El gran miedo de Florentino cuando accedió a fichar Benítez como sustituto de Ancelotti a propuesta de su director general, José Ángel Sánchez, era que el madrileño se cree que lo sabe todo, algo que, por cierto, también piensan muchos de sus futbolistas. Y, claro, partiendo de la base de que el director deportivo del Real Madrid es el presidente, el peligro de conflicto existía desde el minuto uno. Ahí empezó a ceder terreno Rafa y ahí empezó a perder autoridad en el vestuario y también en la opinión pública.
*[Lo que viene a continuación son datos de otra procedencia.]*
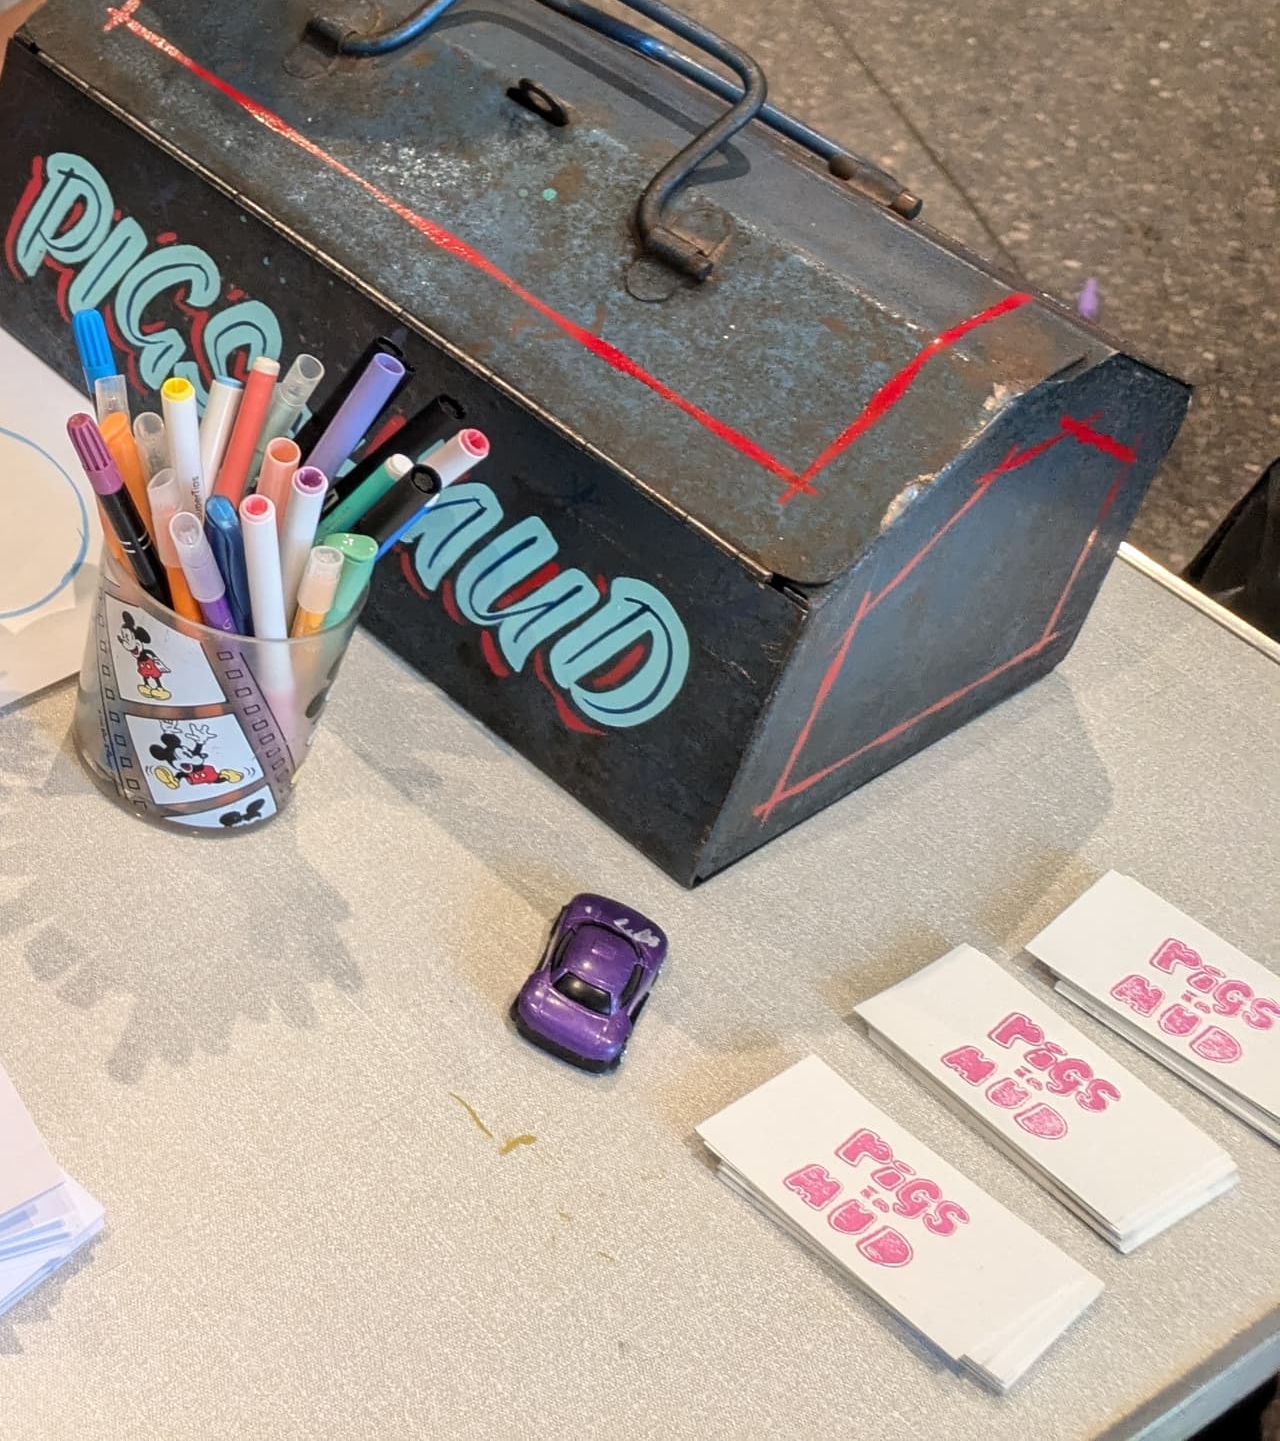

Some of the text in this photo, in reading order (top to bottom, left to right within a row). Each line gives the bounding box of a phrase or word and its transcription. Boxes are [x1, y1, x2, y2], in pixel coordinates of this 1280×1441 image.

[1110, 973, 1244, 1064] MUD
[940, 1045, 1069, 1141] MUD
[783, 1163, 915, 1269] MUD
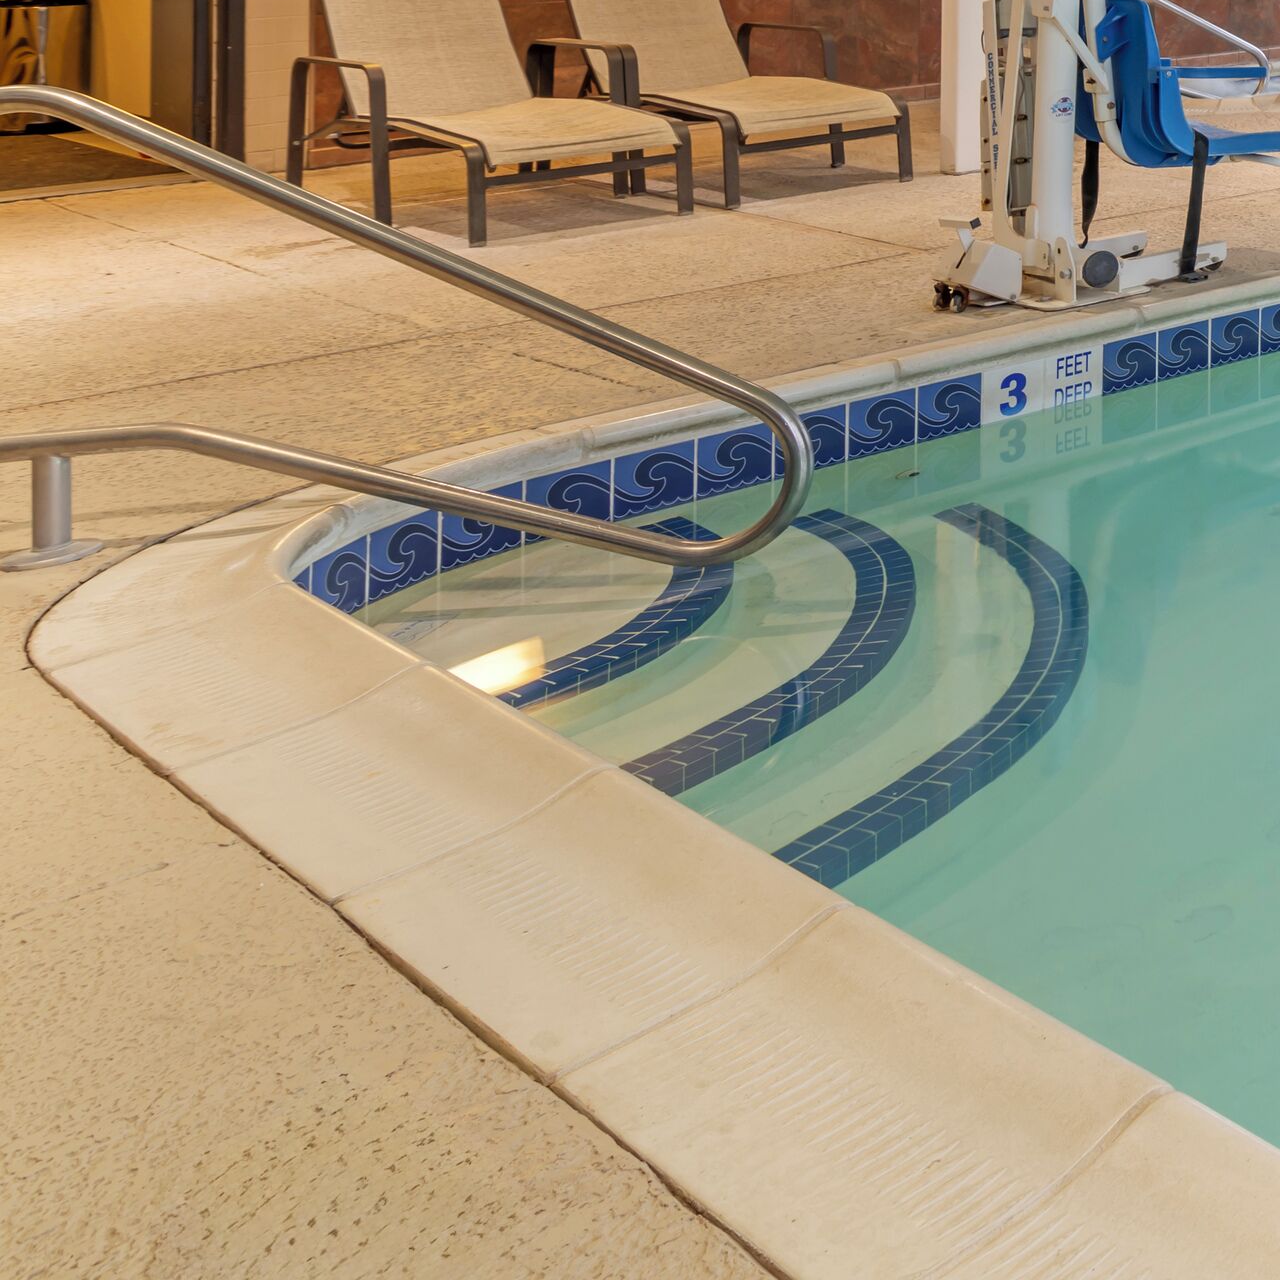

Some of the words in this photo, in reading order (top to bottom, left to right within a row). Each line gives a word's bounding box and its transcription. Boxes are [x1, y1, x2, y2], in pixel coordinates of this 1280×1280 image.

[1056, 351, 1092, 380] FEET
[1000, 373, 1027, 417] 3
[1054, 381, 1093, 406] DEEP
Alejarse tanto de los medios para no buscarse problemas con su jefe, también se ha vuelto en su contra, pues los oficialistas le disparan a él en lugar de a Florentino y los independientes no tienen argumentos para defenderle: él se lo ha buscado.     

Algo parecido ocurre en la plantilla. Si a Benítez se le pregunta por algún meritorio, lo mismo da Casemiro que Kovacic, el técnico no duda el apuntar al equipo “más que un jugador u otro”. Sin embargo, siempre que se le cuestiona por alguna de sus estrellas, elogia su esfuerzo, aunque sólo jugara cinco minutos, como ocurrió con Benzema en Eibar. “Ha sido un trifunfo de equipo”, fue el titular de la rueda de prensa que Rafa ofreció en Ipurua. “Es importante conseguir tres puntos con este espíritu de sacrificio”, añadió, para de este modo incidir en un aspecto que como el valor en la mili se le supone a cualquier futbolista profesional. A veces da la sensación de que a Benítez se le olvida que entrena al Real Madrid, donde no hay sitio para la mediocridad.  
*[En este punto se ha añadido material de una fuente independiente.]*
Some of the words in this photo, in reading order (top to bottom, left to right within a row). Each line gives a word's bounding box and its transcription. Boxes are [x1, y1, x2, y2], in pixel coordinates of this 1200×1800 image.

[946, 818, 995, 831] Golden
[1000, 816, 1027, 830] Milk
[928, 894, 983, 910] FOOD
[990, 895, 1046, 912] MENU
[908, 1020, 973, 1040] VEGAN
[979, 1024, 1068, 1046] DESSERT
Rafa Benítez, durante una rueda de prensa. (EFE)Rafa Benítez, durante una rueda de prensa. (EFE)

Luis Enrique y su tridente bien avenido

A diferencia de Luis Enrique, quien tiene la enorme fortuna de que sus tres estrellas –Messi, Neymar y Luis Suárez, con permiso de Iniesta– se llevan a las mil maravillas, Benítez se equivocó al intentar complacer a su presidente dando prioridad a Bale sobre Cristiano y lo está pagando. Primero, con su viaje a Cardiff para hablar con el galés y, después, al pecar de sincero y no atreverse a decir que el portugués era el mejor futbolista al que había entrenado. Luego quiso rectificar y fue peor. Pero esto es lo que le está pasando prácticamente con todas las decisiones que toman. Cuando se equivoca y quiere enmendar su error, vuelve a equivocarse. Parece claro que está muy mal aconsejado, y en ello puede influir no tener cerca a Juan Francisco Sánchez, su asesor personal de prensa, al que el Real Madrid vetó para, según la versión oficial, evitar otro caso Paramés, portavoz de Mourinho.  
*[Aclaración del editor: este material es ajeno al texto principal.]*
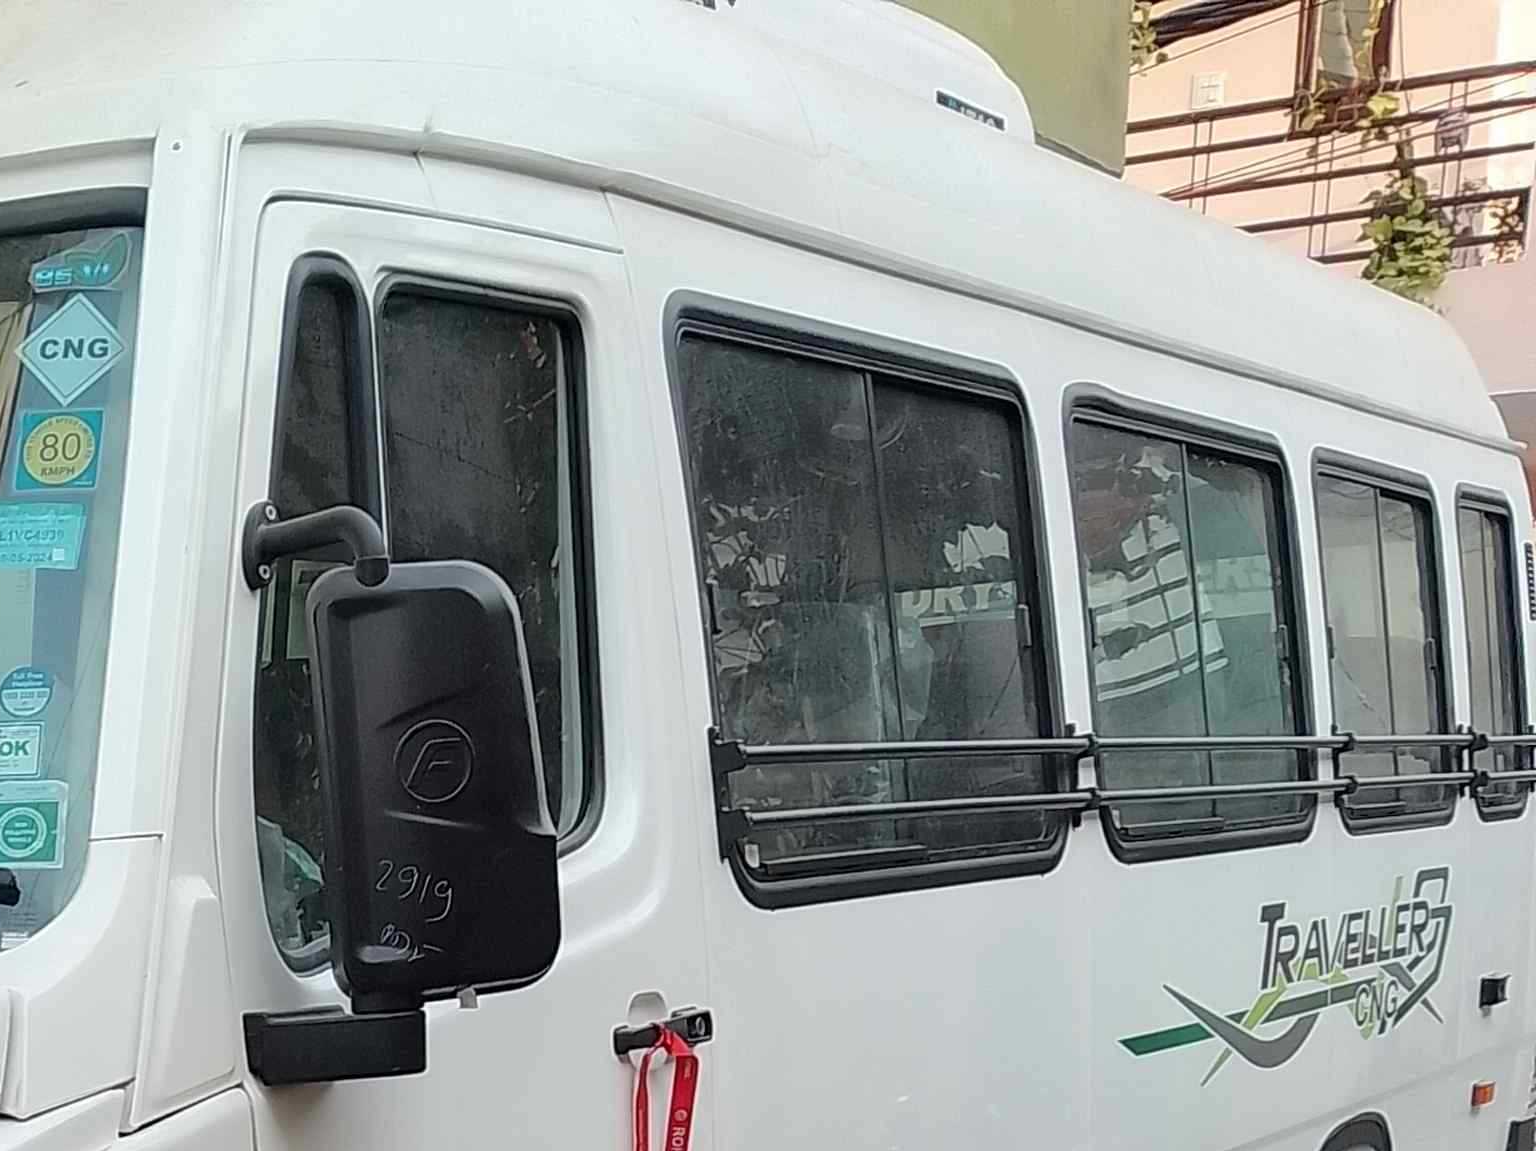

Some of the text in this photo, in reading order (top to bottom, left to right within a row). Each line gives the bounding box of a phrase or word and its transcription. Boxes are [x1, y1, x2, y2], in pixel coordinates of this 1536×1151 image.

[39, 338, 109, 360] CNG
[39, 432, 81, 462] 80
[40, 466, 75, 476] KMPH
[0, 740, 30, 757] OK
[1259, 900, 1430, 990] TRAVELLER
[1355, 979, 1399, 1032] CNG
Sí, Benítez se siente perseguido, pero su principal enemigo lo tiene en casa y no, no es Cristiano, aunque el portugués no le trague y esté deseando perderle de vista. Tampoco James, por más que el colombiano ya piense que su entrenador tiene algo personal contra él. El peor enemigo de Rafa es él mismo, de ahí que la ratificación de Florentino sólo le haya servido para entender que el crédito se le agota y que, en caso de acabar la temporada, ni siquiera ganar algún título le garantizaría seguir la próxima. Es lo bueno, pero también lo malo, de depender sólo de los resultados, esos a los que el madrileño se aferra como el gran resultadista que es y siempre fue. Sin embargo, entrenar al Real Madrid conlleva vencer y convencer. A Benítez nunca le importó lo segundo, de ahí que pueda decirse sin miedo a equivocarnos que ahora se esté traicionando. ¿Y si es Rafa quien en realidad se persigue a sí mismo?